For every entry that follows, return the words exactly and omit any picture.

(RECORDS TO PROCESS Opens)

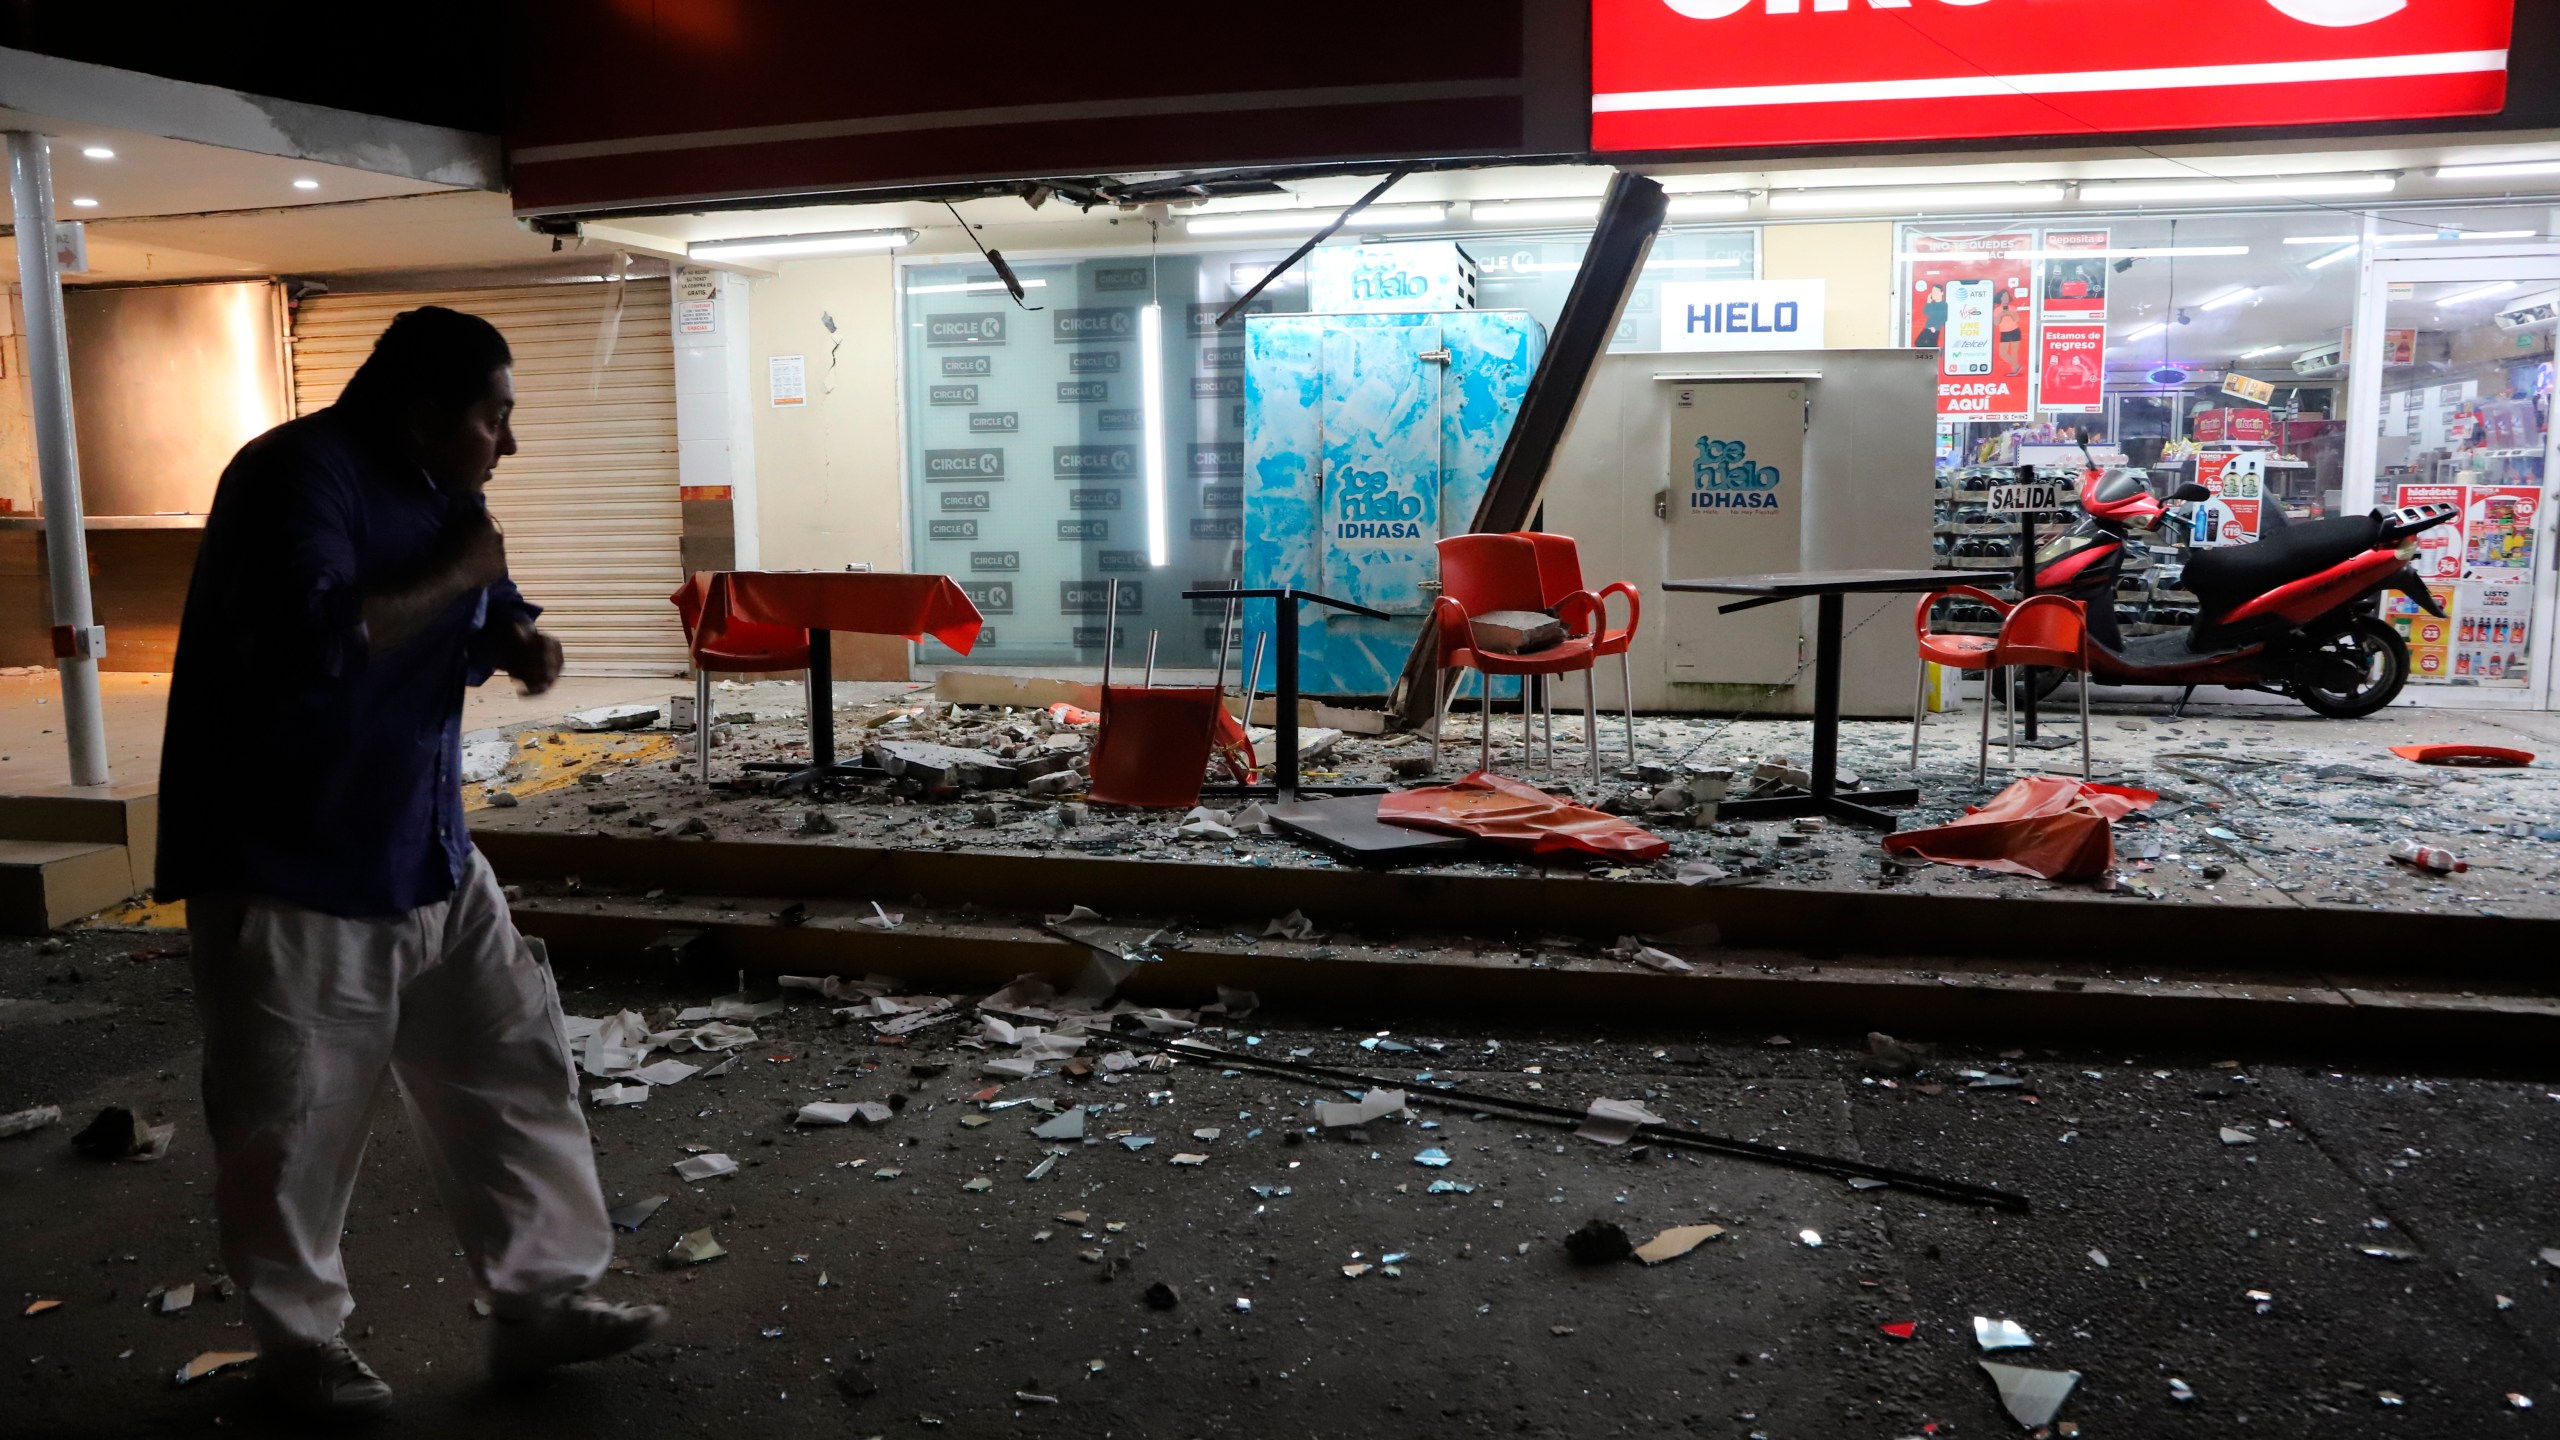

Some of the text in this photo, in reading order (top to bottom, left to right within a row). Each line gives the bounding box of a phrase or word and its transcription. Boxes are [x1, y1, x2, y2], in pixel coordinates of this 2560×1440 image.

[1969, 240, 2014, 249] QUEDES
[1060, 312, 1129, 332] CIRCLE K
[1687, 301, 1798, 333] HIELO
[933, 318, 999, 337] CIRCLE K
[2046, 332, 2085, 340] Estamos
[1961, 340, 1988, 348] telcel
[2050, 342, 2095, 350] regreso
[946, 359, 986, 372] CIRCLE K
[934, 388, 974, 400] CIRCLE K
[1061, 387, 1089, 395] CIRCLE
[1938, 382, 2010, 396] ECARGA
[1947, 396, 1991, 410] AQUÍ
[973, 415, 1015, 427] CIRCLE K
[1694, 435, 1746, 463] ice
[932, 454, 998, 473] CIRCLE K
[1060, 451, 1130, 470] CIRCLE K
[1340, 466, 1388, 494] ice
[1693, 460, 1780, 490] hielo
[974, 495, 986, 506] K
[1691, 493, 1778, 508] IDHASA
[1992, 487, 2056, 509] SALIDA
[1340, 490, 1421, 521] hielo
[963, 523, 974, 535] K
[1062, 526, 1090, 534] CIRCLE
[1338, 523, 1420, 538] IDHASA
[1004, 554, 1016, 567] K
[989, 587, 1006, 606] K
[1067, 591, 1109, 602] CIRCL
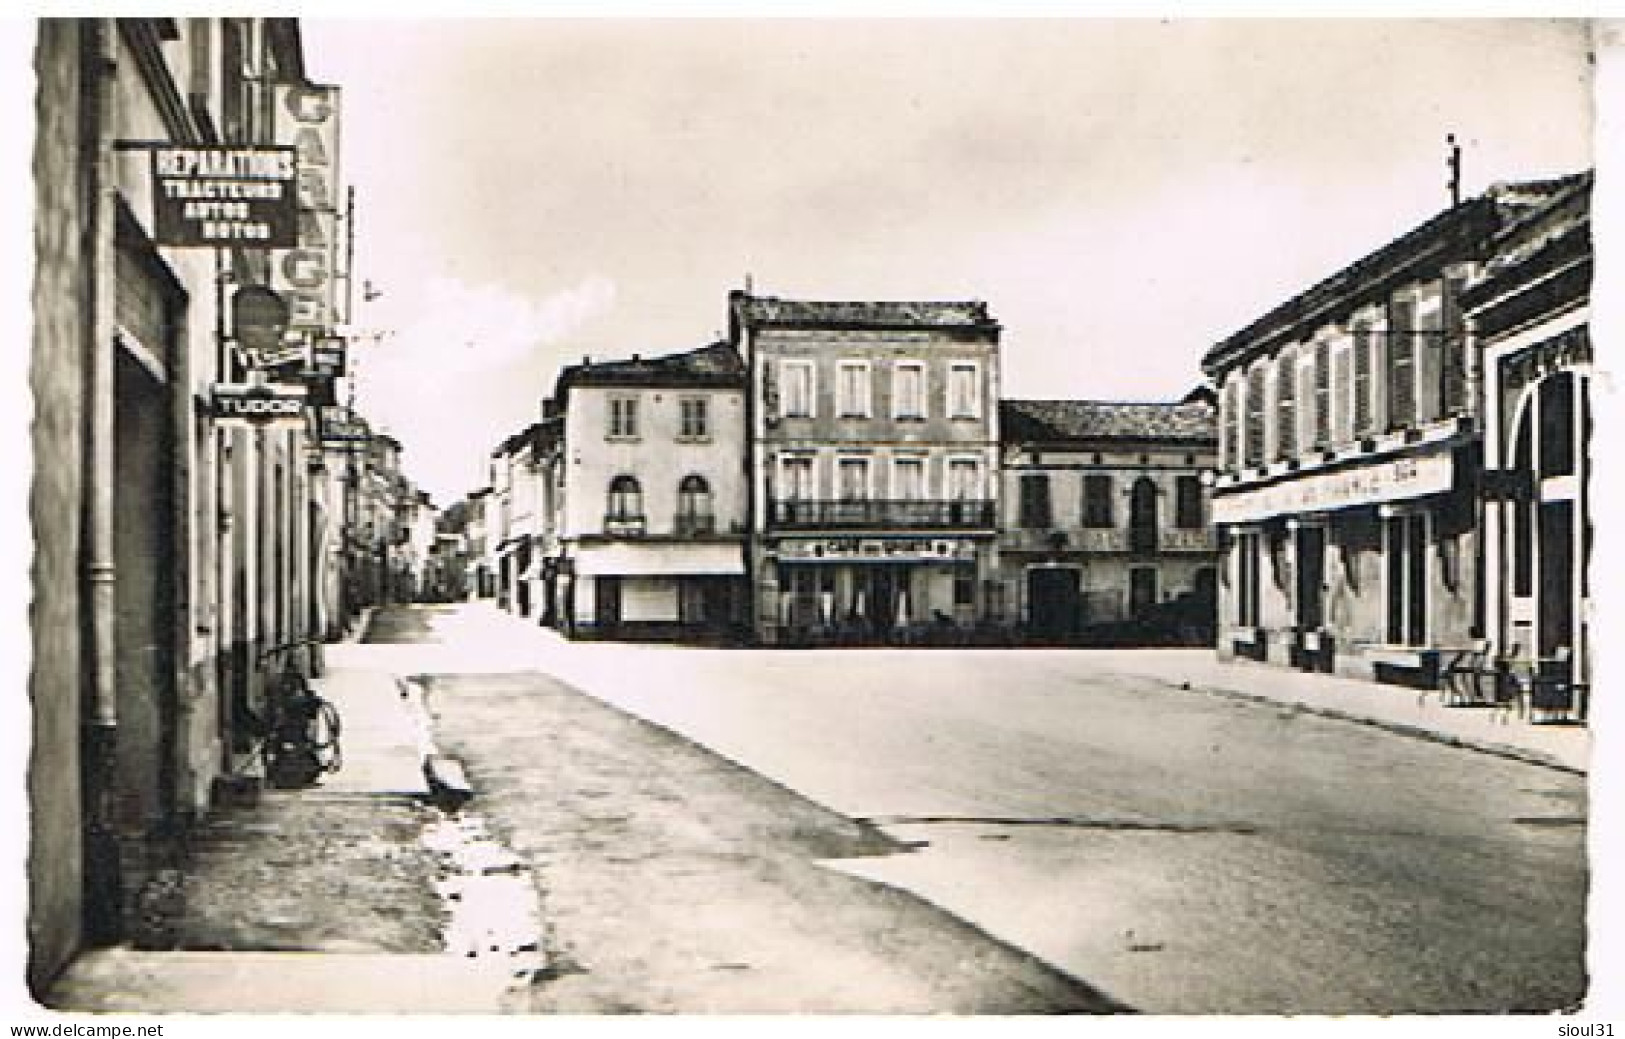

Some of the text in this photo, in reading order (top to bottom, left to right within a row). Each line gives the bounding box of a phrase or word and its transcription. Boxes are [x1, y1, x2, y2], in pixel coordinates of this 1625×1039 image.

[162, 180, 283, 198] TRACTEURS
[185, 202, 251, 218] AUTOS
[281, 87, 331, 326] GARAGE
[219, 399, 303, 413] TUDOR
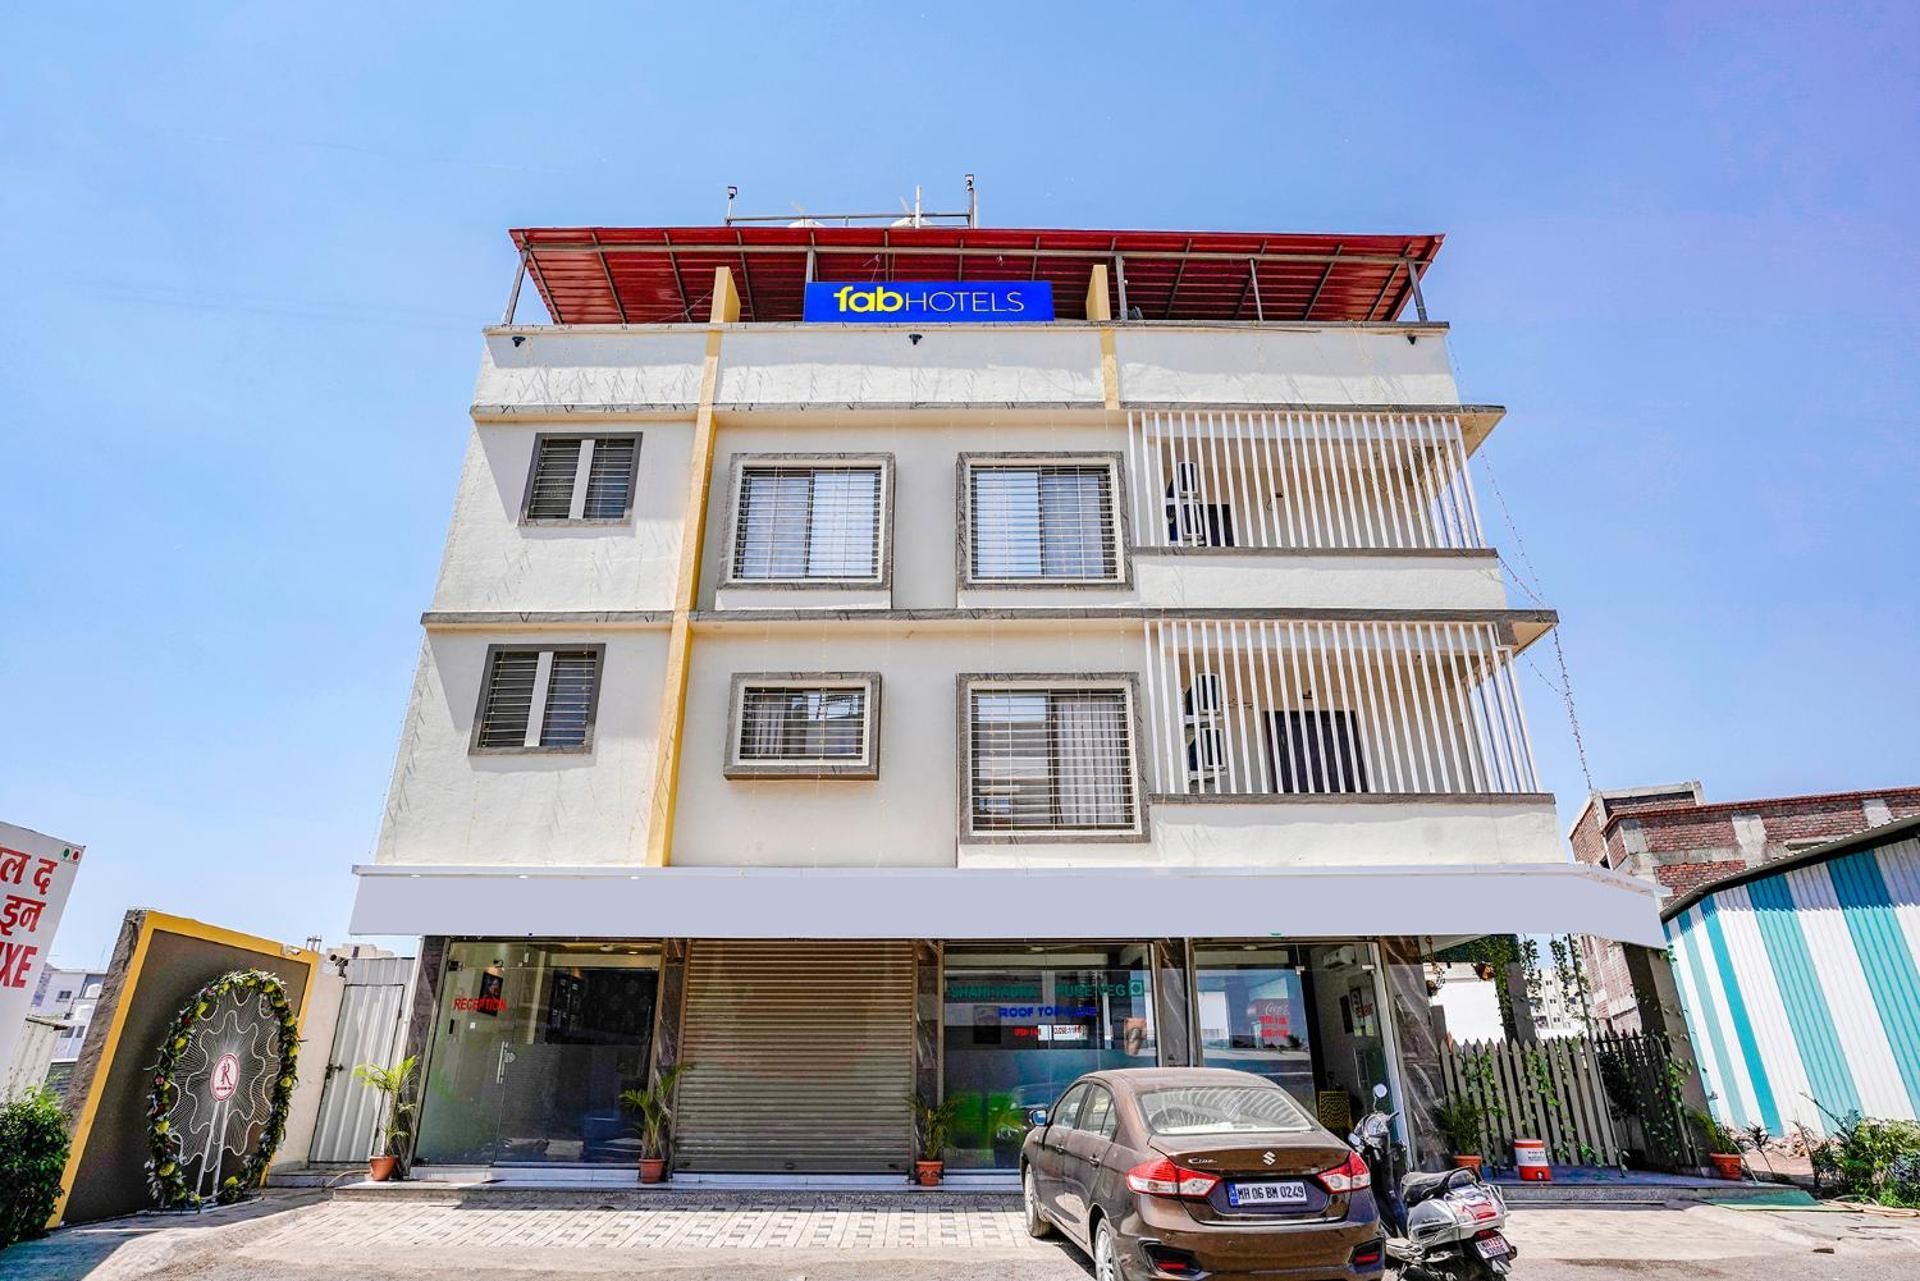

(RECORDS TO PROCESS Closes)

TASK ANSWER:
Some of the text in this photo, in reading order (top to bottom, left to right within a row). Each line gives the bounding box of a phrase or word and its transcription. Boxes are [x1, y1, x2, y2], in pixel coordinates of this 2560×1440 image.

[1969, 240, 2014, 249] QUEDES
[1060, 312, 1129, 332] CIRCLE K
[1687, 301, 1798, 333] HIELO
[933, 318, 999, 337] CIRCLE K
[2046, 332, 2085, 340] Estamos
[1961, 340, 1988, 348] telcel
[2050, 342, 2095, 350] regreso
[946, 359, 986, 372] CIRCLE K
[934, 388, 974, 400] CIRCLE K
[1061, 387, 1089, 395] CIRCLE
[1938, 382, 2010, 396] ECARGA
[1947, 396, 1991, 410] AQUÍ
[973, 415, 1015, 427] CIRCLE K
[1694, 435, 1746, 463] ice
[932, 454, 998, 473] CIRCLE K
[1060, 451, 1130, 470] CIRCLE K
[1340, 466, 1388, 494] ice
[1693, 460, 1780, 490] hielo
[974, 495, 986, 506] K
[1691, 493, 1778, 508] IDHASA
[1992, 487, 2056, 509] SALIDA
[1340, 490, 1421, 521] hielo
[963, 523, 974, 535] K
[1062, 526, 1090, 534] CIRCLE
[1338, 523, 1420, 538] IDHASA
[1004, 554, 1016, 567] K
[989, 587, 1006, 606] K
[1067, 591, 1109, 602] CIRCL

Some of the text in this photo, in reading order (top to bottom, left to right within a row). Each line gives the bounding box of a phrase or word and its transcription. Boxes are [x1, y1, x2, y2], in pixel coordinates of this 1625×1039 image.

[162, 180, 283, 198] TRACTEURS
[185, 202, 251, 218] AUTOS
[281, 87, 331, 326] GARAGE
[219, 399, 303, 413] TUDOR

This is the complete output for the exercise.